Task directions -
Below are records; output exactly the lines from the one with "this 2352×1568 image." through their final line.

Input data -
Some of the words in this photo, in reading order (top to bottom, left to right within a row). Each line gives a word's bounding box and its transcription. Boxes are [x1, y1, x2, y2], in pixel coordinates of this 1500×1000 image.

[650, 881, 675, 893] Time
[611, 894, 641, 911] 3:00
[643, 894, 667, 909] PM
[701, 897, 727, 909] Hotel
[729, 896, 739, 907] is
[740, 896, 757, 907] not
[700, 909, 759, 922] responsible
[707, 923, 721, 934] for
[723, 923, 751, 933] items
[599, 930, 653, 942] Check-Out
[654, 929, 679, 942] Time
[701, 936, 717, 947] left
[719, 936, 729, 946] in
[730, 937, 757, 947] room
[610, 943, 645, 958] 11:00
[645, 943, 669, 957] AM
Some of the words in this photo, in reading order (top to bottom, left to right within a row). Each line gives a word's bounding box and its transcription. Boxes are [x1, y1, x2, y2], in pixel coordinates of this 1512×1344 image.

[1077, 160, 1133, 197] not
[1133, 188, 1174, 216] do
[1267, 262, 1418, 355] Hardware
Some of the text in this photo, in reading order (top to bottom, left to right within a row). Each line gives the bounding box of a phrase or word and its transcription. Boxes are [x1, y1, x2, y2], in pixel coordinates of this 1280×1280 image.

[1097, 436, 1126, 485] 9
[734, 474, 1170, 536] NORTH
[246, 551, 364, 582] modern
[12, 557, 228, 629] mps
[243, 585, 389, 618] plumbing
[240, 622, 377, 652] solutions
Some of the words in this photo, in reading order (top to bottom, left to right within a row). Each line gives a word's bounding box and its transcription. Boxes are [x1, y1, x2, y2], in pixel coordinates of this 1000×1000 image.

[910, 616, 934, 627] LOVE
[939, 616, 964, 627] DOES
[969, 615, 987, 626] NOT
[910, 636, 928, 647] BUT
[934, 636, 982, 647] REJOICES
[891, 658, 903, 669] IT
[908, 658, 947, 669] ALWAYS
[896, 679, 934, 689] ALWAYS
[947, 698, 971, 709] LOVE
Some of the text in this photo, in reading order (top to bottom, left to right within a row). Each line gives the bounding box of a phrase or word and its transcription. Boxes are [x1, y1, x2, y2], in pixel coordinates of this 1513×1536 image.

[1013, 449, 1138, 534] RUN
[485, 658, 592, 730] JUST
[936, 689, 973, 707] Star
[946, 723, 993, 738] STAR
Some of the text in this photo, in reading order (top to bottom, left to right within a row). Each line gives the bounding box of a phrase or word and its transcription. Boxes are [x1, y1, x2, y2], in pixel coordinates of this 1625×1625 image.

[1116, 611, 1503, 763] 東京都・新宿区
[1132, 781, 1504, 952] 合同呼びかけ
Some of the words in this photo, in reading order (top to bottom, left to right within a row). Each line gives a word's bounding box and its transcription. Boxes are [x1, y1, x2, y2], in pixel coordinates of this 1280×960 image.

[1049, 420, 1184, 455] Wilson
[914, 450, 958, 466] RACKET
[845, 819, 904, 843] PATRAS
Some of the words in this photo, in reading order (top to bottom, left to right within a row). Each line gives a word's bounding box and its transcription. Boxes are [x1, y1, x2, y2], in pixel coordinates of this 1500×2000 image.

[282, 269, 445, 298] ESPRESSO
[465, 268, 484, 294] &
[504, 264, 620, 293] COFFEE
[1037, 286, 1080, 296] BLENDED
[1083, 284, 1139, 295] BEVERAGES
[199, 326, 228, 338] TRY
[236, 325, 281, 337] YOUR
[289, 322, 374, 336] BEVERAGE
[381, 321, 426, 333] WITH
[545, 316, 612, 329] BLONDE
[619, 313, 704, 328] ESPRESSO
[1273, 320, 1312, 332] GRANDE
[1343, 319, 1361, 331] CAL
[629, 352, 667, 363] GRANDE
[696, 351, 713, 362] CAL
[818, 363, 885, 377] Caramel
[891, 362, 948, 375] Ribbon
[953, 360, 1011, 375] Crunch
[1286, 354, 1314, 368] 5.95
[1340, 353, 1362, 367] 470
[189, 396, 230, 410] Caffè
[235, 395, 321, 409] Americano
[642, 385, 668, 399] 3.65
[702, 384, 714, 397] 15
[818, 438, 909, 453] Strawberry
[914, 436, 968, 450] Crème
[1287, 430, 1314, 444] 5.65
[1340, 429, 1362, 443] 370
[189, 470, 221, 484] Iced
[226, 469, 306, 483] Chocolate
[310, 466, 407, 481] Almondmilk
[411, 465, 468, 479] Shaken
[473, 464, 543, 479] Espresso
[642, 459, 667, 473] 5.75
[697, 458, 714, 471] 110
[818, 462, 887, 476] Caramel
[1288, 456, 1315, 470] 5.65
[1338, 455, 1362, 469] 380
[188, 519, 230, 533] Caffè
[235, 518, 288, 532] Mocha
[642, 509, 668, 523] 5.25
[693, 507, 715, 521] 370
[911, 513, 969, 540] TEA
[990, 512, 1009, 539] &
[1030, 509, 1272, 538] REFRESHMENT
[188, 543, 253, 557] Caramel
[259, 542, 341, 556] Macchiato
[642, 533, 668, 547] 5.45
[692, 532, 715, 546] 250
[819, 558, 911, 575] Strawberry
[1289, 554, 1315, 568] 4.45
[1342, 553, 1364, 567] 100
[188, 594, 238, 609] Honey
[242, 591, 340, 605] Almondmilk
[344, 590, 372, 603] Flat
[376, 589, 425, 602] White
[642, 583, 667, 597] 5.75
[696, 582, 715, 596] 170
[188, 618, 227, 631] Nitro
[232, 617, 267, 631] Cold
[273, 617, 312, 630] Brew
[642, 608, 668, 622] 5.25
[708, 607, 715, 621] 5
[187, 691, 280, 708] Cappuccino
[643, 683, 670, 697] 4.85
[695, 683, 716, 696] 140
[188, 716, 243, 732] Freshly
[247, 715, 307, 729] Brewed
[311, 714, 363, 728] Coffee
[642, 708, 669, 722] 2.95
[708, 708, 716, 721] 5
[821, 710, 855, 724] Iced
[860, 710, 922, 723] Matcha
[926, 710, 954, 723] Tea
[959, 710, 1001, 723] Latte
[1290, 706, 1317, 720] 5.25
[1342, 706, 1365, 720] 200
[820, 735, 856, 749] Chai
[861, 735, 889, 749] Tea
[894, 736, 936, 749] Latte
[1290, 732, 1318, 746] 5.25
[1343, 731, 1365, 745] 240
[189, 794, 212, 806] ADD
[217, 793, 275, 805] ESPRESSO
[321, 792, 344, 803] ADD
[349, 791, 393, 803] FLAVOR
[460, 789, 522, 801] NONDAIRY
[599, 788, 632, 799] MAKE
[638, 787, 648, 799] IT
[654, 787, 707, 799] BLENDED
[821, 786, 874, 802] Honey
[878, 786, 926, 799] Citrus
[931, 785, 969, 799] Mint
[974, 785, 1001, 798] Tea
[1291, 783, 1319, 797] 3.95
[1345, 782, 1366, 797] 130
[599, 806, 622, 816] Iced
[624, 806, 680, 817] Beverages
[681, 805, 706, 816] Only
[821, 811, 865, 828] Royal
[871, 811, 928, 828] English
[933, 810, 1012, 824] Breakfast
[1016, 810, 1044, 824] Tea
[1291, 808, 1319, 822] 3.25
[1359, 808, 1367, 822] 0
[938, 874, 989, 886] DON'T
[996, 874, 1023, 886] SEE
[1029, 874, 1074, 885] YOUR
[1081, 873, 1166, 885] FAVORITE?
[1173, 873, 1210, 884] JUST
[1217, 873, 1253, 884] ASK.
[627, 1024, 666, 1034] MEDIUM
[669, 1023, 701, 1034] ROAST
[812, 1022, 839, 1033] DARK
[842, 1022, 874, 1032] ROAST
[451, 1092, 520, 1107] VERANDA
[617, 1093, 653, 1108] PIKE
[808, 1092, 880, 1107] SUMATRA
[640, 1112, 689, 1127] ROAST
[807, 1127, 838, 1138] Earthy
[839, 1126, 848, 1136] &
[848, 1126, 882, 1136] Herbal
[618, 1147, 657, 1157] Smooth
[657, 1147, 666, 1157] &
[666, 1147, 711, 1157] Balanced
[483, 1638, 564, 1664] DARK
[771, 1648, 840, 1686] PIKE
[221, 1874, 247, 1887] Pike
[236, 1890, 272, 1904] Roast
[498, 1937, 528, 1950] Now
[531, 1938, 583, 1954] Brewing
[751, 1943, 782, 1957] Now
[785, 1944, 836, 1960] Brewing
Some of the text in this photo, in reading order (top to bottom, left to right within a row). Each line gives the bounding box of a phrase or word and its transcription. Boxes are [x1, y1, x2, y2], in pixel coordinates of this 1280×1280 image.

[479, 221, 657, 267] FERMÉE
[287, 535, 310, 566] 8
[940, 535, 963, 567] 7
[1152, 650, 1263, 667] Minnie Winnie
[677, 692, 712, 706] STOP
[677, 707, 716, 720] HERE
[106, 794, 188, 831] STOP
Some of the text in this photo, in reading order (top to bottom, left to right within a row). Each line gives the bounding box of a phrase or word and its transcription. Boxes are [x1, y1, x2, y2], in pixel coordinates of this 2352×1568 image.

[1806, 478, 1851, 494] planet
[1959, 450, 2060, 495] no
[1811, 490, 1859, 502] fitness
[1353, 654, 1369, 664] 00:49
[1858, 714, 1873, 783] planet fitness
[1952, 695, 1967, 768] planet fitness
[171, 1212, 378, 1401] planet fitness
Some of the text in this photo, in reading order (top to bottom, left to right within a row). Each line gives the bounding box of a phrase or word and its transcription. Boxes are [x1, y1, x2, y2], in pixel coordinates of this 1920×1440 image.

Your response -
Some of the text in this photo, in reading order (top to bottom, left to right within a row). Each line gives the bounding box of a phrase or word and its transcription. Boxes are [x1, y1, x2, y2], in pixel coordinates of this 2352×1568 image.

[1806, 478, 1851, 494] planet
[1959, 450, 2060, 495] no
[1811, 490, 1859, 502] fitness
[1353, 654, 1369, 664] 00:49
[1858, 714, 1873, 783] planet fitness
[1952, 695, 1967, 768] planet fitness
[171, 1212, 378, 1401] planet fitness
Some of the text in this photo, in reading order (top to bottom, left to right within a row). Each line gives the bounding box of a phrase or word and its transcription. Boxes are [x1, y1, x2, y2], in pixel coordinates of this 1920×1440 image.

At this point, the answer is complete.